• **Activity**
In the entries below, go to the line containing "this 1658×1126 image." and repeat it along with every later line, exactly.

• **Source data**
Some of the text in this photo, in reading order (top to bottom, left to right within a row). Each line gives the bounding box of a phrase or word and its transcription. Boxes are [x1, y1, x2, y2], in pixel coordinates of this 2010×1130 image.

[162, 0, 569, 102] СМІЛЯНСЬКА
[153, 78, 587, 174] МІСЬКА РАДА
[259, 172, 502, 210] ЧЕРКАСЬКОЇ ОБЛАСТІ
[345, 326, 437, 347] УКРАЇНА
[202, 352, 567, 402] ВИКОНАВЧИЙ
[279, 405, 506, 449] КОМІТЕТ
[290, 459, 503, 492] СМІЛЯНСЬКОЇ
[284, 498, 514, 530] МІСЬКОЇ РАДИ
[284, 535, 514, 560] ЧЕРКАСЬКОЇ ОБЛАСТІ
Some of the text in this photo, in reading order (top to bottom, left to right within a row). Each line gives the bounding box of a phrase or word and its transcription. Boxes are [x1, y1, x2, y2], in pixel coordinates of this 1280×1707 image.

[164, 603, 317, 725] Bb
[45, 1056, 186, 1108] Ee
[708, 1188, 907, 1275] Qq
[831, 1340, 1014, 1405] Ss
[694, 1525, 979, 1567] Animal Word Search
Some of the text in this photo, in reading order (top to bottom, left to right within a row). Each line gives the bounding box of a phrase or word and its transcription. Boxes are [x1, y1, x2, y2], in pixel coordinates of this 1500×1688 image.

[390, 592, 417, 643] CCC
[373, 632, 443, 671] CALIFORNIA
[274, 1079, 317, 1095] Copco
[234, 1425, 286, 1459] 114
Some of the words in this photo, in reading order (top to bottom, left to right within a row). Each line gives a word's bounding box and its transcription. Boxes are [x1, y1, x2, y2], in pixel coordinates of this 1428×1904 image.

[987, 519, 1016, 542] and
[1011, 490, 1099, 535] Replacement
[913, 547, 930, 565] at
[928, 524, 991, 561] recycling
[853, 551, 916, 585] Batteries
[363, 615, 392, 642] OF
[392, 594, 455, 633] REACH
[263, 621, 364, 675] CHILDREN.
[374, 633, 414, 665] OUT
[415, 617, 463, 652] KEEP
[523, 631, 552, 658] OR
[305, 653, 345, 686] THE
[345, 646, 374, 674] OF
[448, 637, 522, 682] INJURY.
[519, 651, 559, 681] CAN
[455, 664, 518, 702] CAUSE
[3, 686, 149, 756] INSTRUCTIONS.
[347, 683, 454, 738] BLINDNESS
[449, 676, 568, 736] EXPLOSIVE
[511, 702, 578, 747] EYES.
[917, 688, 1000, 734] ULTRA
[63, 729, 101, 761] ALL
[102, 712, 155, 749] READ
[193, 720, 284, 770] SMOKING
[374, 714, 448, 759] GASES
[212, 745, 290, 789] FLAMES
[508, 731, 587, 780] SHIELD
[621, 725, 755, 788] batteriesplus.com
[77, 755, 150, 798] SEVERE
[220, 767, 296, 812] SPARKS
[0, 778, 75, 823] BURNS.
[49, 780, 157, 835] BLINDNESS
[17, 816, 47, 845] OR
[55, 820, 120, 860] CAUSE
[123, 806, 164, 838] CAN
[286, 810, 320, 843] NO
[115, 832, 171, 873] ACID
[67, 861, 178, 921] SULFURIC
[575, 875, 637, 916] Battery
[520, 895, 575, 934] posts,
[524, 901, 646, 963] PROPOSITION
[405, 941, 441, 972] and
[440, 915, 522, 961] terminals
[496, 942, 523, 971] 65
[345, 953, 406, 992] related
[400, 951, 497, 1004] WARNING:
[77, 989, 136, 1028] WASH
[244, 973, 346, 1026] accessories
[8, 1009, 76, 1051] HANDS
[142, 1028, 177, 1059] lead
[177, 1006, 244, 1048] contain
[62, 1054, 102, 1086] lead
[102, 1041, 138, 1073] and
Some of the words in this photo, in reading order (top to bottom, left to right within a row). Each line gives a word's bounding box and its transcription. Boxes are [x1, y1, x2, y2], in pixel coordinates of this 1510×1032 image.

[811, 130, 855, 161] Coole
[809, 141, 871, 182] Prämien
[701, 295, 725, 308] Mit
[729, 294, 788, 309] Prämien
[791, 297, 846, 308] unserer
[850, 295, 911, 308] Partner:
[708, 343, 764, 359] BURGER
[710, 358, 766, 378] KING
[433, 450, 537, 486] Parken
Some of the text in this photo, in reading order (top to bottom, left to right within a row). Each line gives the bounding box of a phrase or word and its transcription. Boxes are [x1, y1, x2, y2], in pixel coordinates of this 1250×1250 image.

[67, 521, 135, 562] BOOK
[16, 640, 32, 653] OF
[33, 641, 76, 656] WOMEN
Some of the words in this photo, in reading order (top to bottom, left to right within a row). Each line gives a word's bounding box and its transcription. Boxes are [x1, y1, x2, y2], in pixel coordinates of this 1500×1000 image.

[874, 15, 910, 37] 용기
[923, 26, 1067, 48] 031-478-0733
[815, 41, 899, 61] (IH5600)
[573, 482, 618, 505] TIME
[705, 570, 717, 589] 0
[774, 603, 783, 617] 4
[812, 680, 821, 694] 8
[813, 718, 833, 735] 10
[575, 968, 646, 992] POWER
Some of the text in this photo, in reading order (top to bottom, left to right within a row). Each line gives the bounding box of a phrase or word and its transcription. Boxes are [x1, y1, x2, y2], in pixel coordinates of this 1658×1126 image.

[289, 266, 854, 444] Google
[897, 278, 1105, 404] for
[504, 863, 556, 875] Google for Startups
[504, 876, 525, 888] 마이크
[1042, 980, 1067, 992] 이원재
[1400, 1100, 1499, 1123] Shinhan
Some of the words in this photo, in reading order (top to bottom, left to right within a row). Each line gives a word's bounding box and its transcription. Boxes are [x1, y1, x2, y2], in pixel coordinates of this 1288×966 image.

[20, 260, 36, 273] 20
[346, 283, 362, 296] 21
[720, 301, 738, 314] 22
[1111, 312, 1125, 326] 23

• **Task solution**
Some of the text in this photo, in reading order (top to bottom, left to right within a row). Each line gives the bounding box of a phrase or word and its transcription. Boxes are [x1, y1, x2, y2], in pixel coordinates of this 1658×1126 image.

[289, 266, 854, 444] Google
[897, 278, 1105, 404] for
[504, 863, 556, 875] Google for Startups
[504, 876, 525, 888] 마이크
[1042, 980, 1067, 992] 이원재
[1400, 1100, 1499, 1123] Shinhan
Some of the words in this photo, in reading order (top to bottom, left to right within a row). Each line gives a word's bounding box and its transcription. Boxes are [x1, y1, x2, y2], in pixel coordinates of this 1288×966 image.

[20, 260, 36, 273] 20
[346, 283, 362, 296] 21
[720, 301, 738, 314] 22
[1111, 312, 1125, 326] 23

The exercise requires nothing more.